(GIVEN ENTRIES):
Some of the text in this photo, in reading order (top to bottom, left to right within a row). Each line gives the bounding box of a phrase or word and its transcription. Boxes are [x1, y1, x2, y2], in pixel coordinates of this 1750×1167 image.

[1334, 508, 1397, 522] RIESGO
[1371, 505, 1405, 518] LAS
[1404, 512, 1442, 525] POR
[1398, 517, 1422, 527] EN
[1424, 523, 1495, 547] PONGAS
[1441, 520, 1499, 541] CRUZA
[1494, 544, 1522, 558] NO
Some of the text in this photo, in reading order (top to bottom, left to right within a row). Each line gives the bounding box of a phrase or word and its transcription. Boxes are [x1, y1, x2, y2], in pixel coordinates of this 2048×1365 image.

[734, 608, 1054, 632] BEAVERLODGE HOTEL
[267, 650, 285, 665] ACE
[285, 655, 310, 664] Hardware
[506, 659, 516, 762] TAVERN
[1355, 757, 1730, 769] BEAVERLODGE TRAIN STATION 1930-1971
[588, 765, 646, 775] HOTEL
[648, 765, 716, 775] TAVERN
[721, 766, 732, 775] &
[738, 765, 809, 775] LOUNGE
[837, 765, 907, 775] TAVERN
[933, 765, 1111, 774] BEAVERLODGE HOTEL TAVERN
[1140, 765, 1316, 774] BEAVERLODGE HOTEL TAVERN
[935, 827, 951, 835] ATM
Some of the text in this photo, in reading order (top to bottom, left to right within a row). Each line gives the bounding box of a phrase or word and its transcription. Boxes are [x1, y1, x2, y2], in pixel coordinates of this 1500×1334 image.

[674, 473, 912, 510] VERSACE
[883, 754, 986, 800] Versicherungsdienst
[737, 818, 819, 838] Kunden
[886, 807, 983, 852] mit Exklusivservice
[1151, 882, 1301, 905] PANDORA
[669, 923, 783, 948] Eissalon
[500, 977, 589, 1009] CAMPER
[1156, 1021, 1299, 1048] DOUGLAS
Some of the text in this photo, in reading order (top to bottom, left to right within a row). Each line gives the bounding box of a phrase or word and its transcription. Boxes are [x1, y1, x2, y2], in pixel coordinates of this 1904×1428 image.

(WHAT THE TASK REQUIRES): Print the lines of the entries, exactly, from the one containing "this 2048×1365 image." down to the final line, and leave out all the others.

(EXPECTED ANSWER):
Some of the text in this photo, in reading order (top to bottom, left to right within a row). Each line gives the bounding box of a phrase or word and its transcription. Boxes are [x1, y1, x2, y2], in pixel coordinates of this 2048×1365 image.

[734, 608, 1054, 632] BEAVERLODGE HOTEL
[267, 650, 285, 665] ACE
[285, 655, 310, 664] Hardware
[506, 659, 516, 762] TAVERN
[1355, 757, 1730, 769] BEAVERLODGE TRAIN STATION 1930-1971
[588, 765, 646, 775] HOTEL
[648, 765, 716, 775] TAVERN
[721, 766, 732, 775] &
[738, 765, 809, 775] LOUNGE
[837, 765, 907, 775] TAVERN
[933, 765, 1111, 774] BEAVERLODGE HOTEL TAVERN
[1140, 765, 1316, 774] BEAVERLODGE HOTEL TAVERN
[935, 827, 951, 835] ATM
Some of the text in this photo, in reading order (top to bottom, left to right within a row). Each line gives the bounding box of a phrase or word and its transcription. Boxes are [x1, y1, x2, y2], in pixel coordinates of this 1500×1334 image.

[674, 473, 912, 510] VERSACE
[883, 754, 986, 800] Versicherungsdienst
[737, 818, 819, 838] Kunden
[886, 807, 983, 852] mit Exklusivservice
[1151, 882, 1301, 905] PANDORA
[669, 923, 783, 948] Eissalon
[500, 977, 589, 1009] CAMPER
[1156, 1021, 1299, 1048] DOUGLAS
Some of the text in this photo, in reading order (top to bottom, left to right within a row). Each line gives the bounding box of a phrase or word and its transcription. Boxes are [x1, y1, x2, y2], in pixel coordinates of this 1904×1428 image.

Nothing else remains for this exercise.